• _About this exercise_
Your reproduction of the entries should be exact and should contain no pictures.
(Beginning of Records provided)
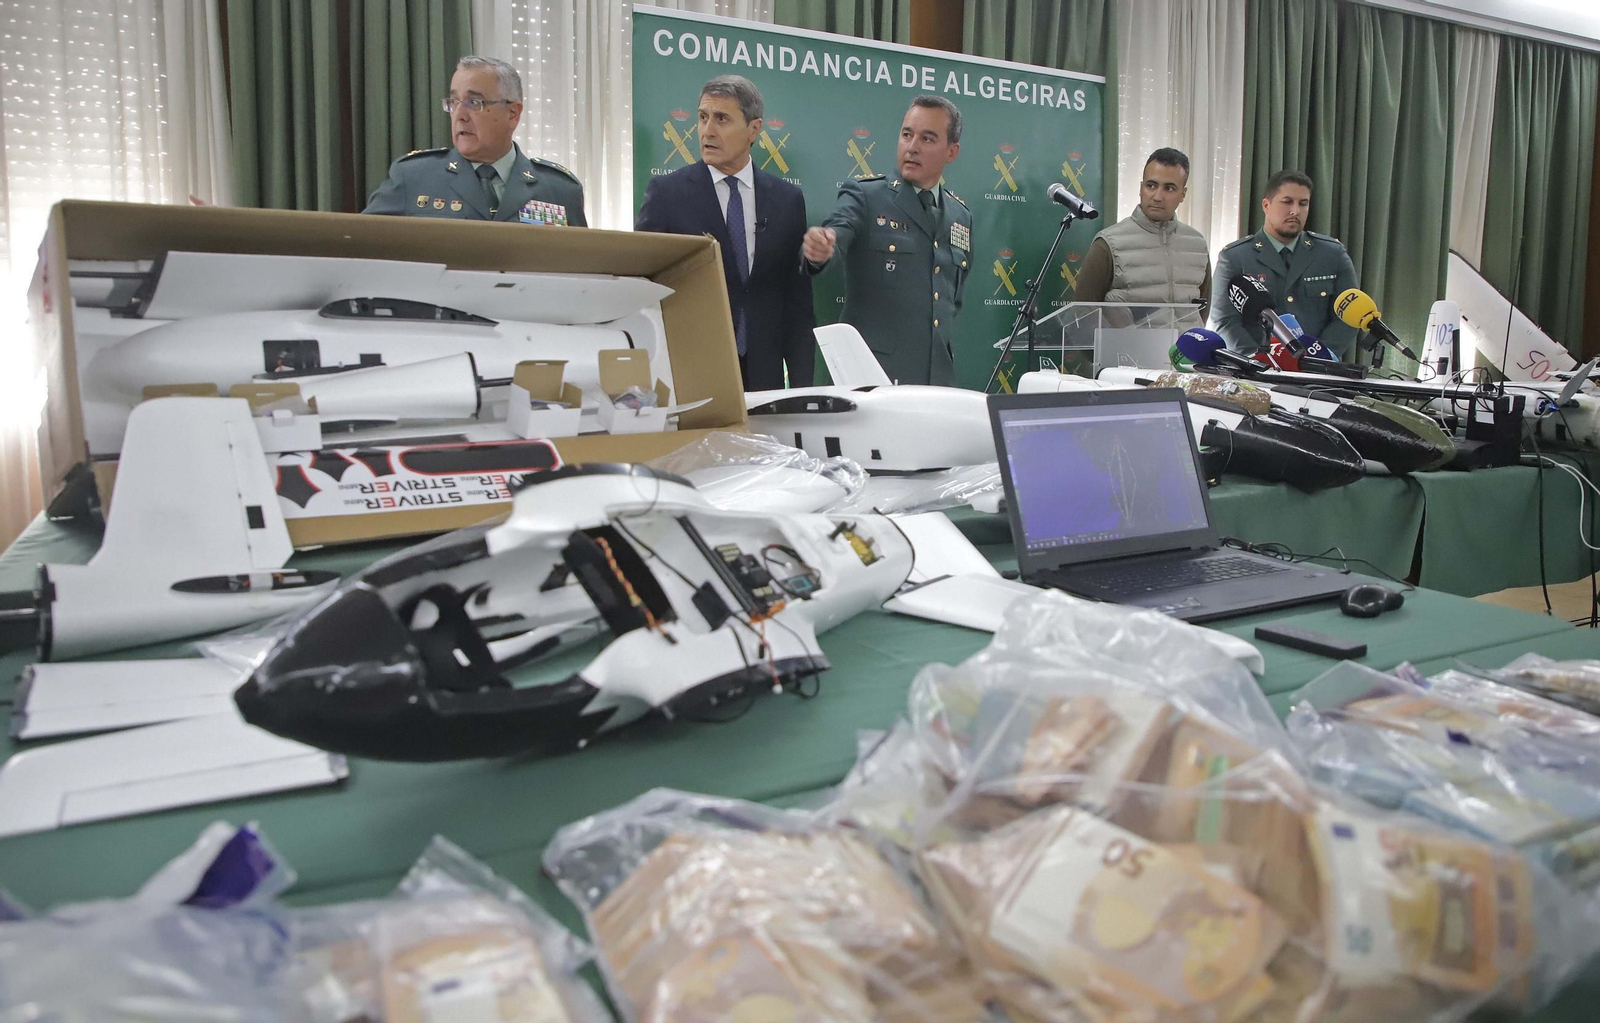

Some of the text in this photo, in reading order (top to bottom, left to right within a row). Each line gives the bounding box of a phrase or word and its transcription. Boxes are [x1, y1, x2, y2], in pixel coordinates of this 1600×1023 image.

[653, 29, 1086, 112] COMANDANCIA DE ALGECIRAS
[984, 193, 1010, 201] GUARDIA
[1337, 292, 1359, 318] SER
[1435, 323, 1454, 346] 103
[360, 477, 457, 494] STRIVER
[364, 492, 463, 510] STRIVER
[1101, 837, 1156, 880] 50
(End of Records provided)
• _The completed task_
Some of the text in this photo, in reading order (top to bottom, left to right within a row). Each line gives the bounding box of a phrase or word and its transcription. Boxes are [x1, y1, x2, y2], in pixel coordinates of this 1600×1023 image.

[653, 29, 1086, 112] COMANDANCIA DE ALGECIRAS
[984, 193, 1010, 201] GUARDIA
[1337, 292, 1359, 318] SER
[1435, 323, 1454, 346] 103
[360, 477, 457, 494] STRIVER
[364, 492, 463, 510] STRIVER
[1101, 837, 1156, 880] 50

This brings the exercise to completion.